Work order:
Repeat the entries below word for word, though any picture in them should be dropped.

Data excerpts:
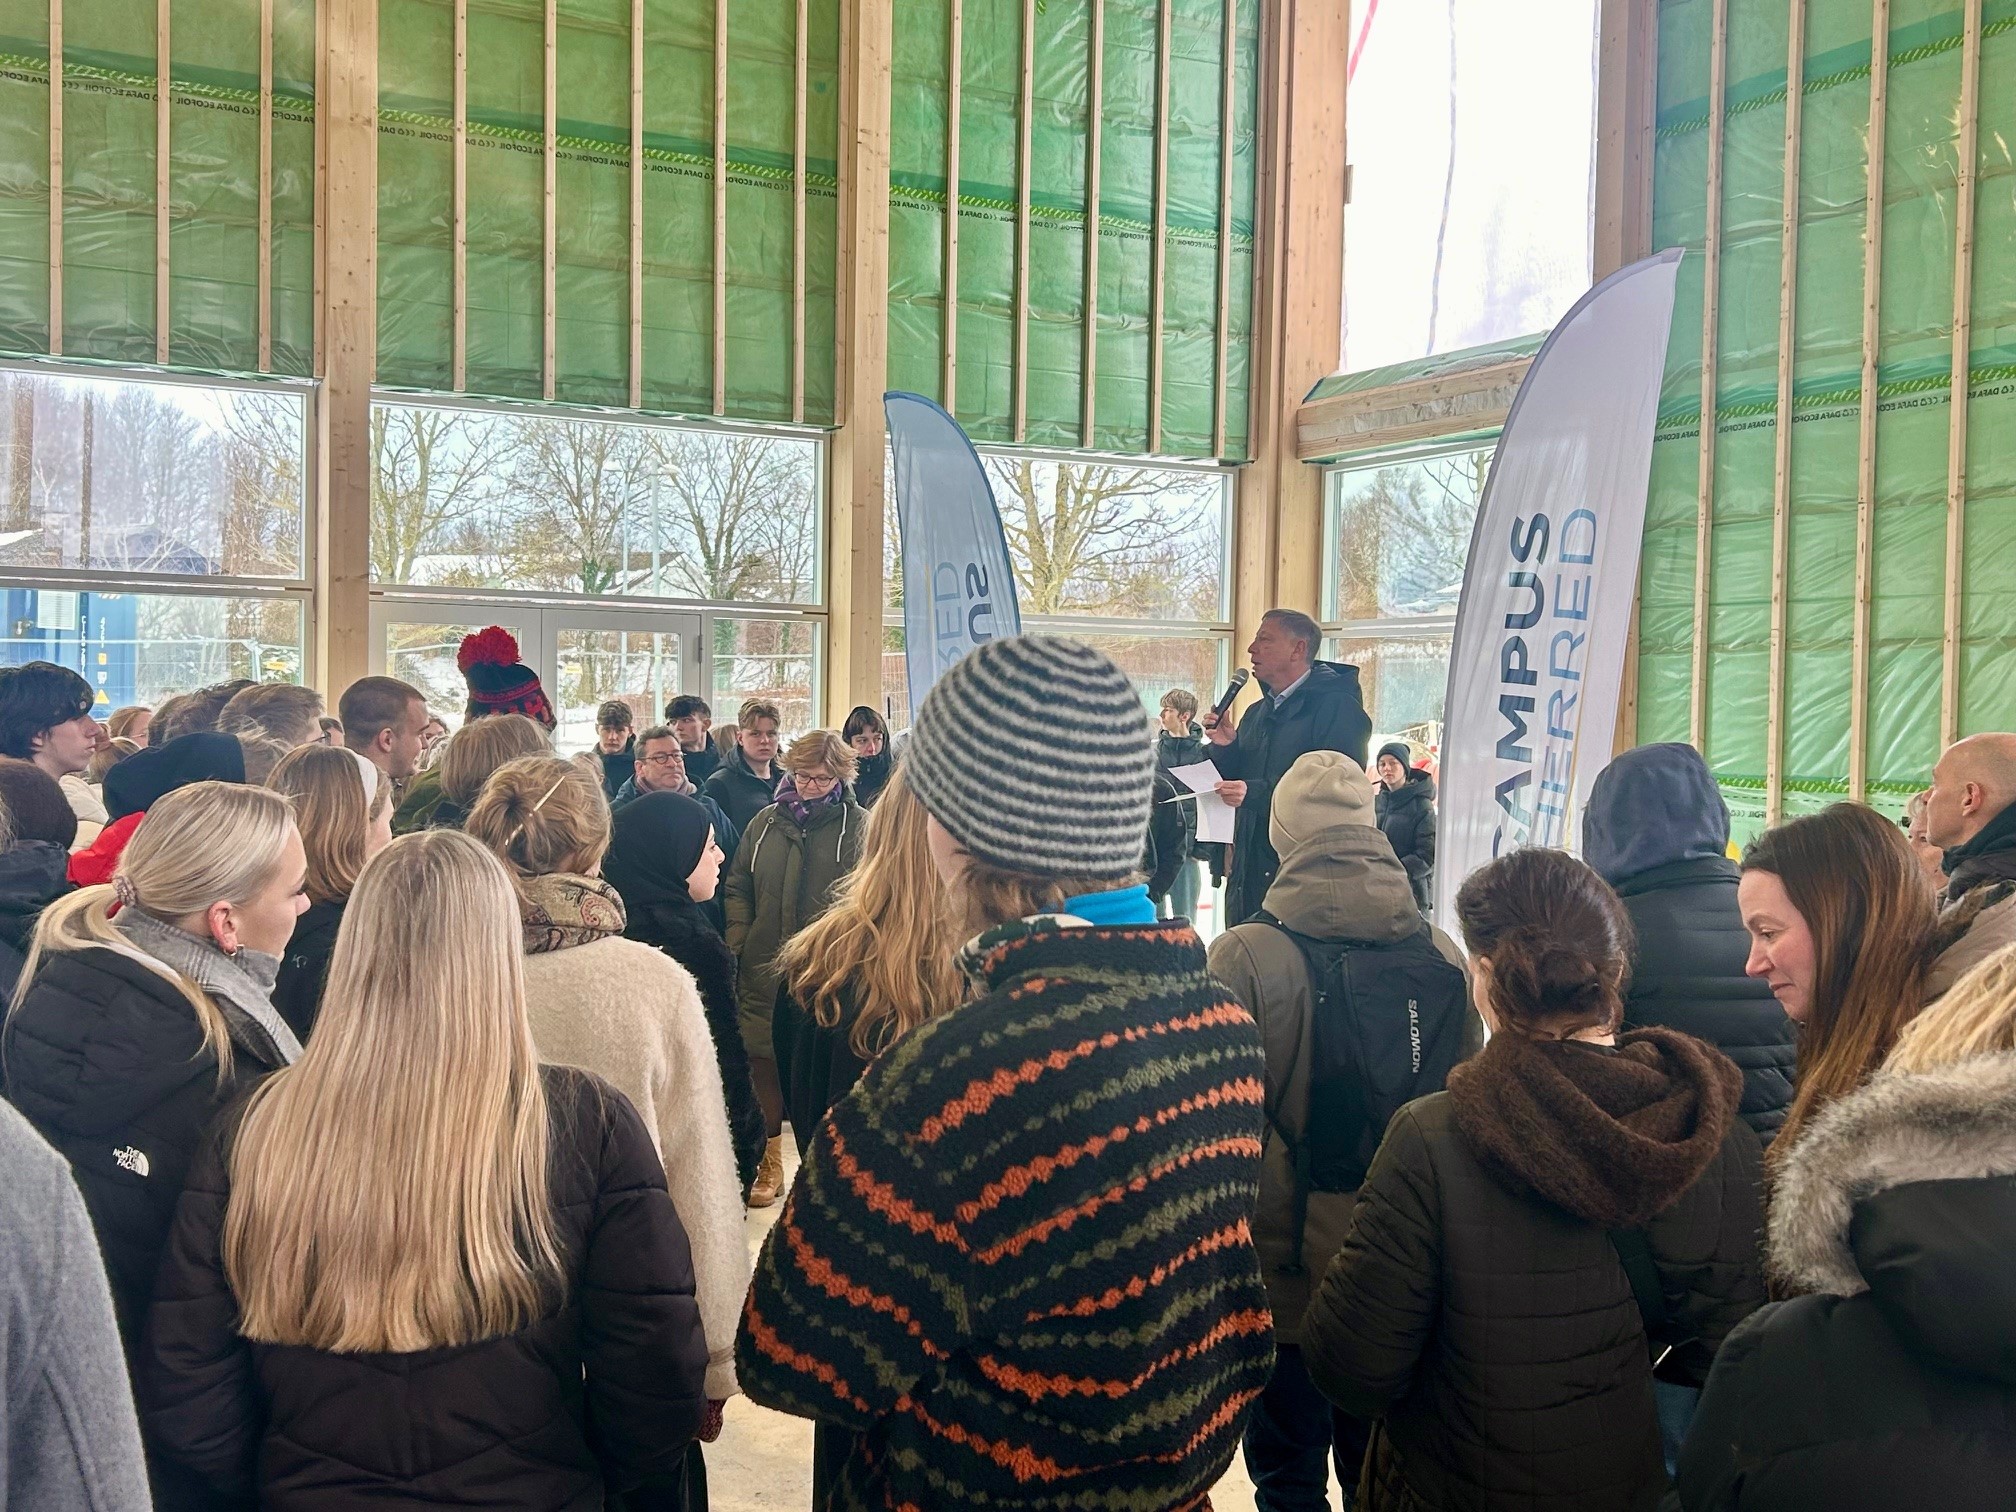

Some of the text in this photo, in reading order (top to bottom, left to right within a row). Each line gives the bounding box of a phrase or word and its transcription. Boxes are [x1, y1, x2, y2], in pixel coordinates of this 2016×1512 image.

[1408, 999, 1420, 1073] SALOMON
[112, 1147, 137, 1164] NORTH
[126, 1145, 141, 1158] THE
[116, 1158, 138, 1171] FACE
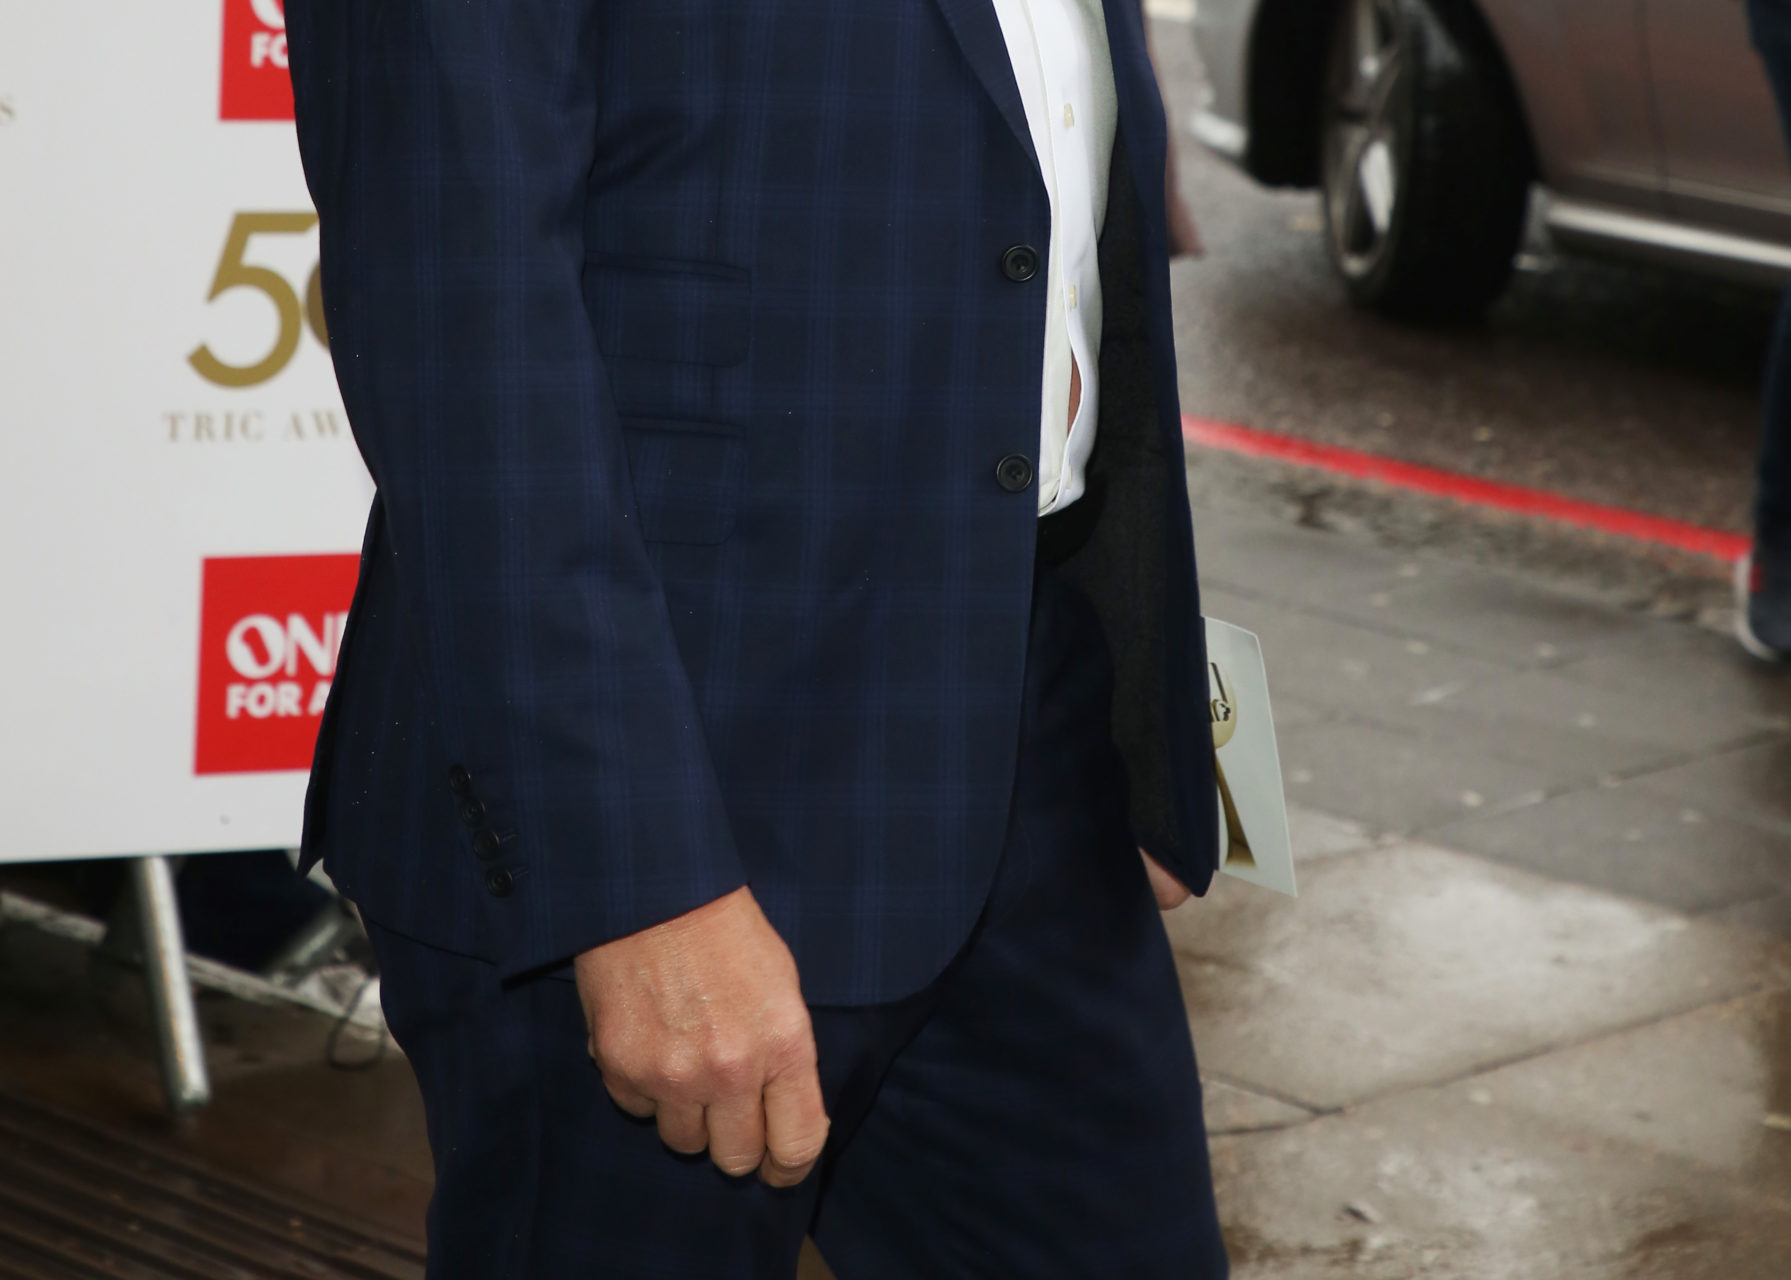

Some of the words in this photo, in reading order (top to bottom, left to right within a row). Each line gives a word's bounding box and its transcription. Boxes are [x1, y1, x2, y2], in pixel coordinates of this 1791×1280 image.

[251, 32, 290, 68] FO
[187, 211, 332, 390] 5
[161, 410, 263, 442] TRIC
[283, 409, 342, 441] AW
[226, 681, 301, 719] FOR
[307, 679, 333, 716] A

Exercise output:
Some of the text in this photo, in reading order (top to bottom, left to right within a row). Each line gives the bounding box of a phrase or word and its transcription. Boxes are [x1, y1, x2, y2], in pixel coordinates of this 2016×1512 image.

[1408, 999, 1420, 1073] SALOMON
[112, 1147, 137, 1164] NORTH
[126, 1145, 141, 1158] THE
[116, 1158, 138, 1171] FACE

Some of the words in this photo, in reading order (top to bottom, left to right within a row). Each line gives a word's bounding box and its transcription. Boxes are [x1, y1, x2, y2], in pixel coordinates of this 1791×1280 image.

[251, 32, 290, 68] FO
[187, 211, 332, 390] 5
[161, 410, 263, 442] TRIC
[283, 409, 342, 441] AW
[226, 681, 301, 719] FOR
[307, 679, 333, 716] A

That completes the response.